*Problem statement*
Your answer should consist only of the line with "this 1500×1000 image." and the lines after it, reproduced exactly through the end of the entries below.

*Saved data entries*
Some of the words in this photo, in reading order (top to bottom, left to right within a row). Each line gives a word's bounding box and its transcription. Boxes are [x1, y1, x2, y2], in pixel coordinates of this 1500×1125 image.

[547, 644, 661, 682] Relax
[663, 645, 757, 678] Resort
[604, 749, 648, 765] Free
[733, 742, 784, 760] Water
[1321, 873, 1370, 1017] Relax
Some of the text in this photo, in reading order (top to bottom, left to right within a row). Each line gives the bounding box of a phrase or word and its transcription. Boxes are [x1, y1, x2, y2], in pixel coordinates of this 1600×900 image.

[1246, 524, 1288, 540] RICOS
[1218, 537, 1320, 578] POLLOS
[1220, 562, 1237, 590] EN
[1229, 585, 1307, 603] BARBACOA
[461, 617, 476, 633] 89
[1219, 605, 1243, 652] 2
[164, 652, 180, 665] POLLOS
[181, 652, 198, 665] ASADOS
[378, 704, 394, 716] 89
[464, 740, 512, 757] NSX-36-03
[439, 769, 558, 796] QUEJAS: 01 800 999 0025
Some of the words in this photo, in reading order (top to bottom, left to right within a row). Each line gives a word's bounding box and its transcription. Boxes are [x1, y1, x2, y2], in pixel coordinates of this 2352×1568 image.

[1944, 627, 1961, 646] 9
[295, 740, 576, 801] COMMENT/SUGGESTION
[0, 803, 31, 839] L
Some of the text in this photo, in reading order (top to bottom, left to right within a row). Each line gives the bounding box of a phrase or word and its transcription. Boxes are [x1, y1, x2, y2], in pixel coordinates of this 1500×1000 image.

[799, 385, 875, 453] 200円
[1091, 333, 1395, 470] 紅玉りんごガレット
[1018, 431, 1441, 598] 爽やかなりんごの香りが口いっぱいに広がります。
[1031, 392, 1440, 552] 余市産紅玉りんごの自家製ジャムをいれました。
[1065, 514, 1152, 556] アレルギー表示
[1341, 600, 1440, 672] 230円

*Answer section*
Some of the text in this photo, in reading order (top to bottom, left to right within a row). Each line gives the bounding box of a phrase or word and its transcription. Boxes are [x1, y1, x2, y2], in pixel coordinates of this 1500×1000 image.

[799, 385, 875, 453] 200円
[1091, 333, 1395, 470] 紅玉りんごガレット
[1018, 431, 1441, 598] 爽やかなりんごの香りが口いっぱいに広がります。
[1031, 392, 1440, 552] 余市産紅玉りんごの自家製ジャムをいれました。
[1065, 514, 1152, 556] アレルギー表示
[1341, 600, 1440, 672] 230円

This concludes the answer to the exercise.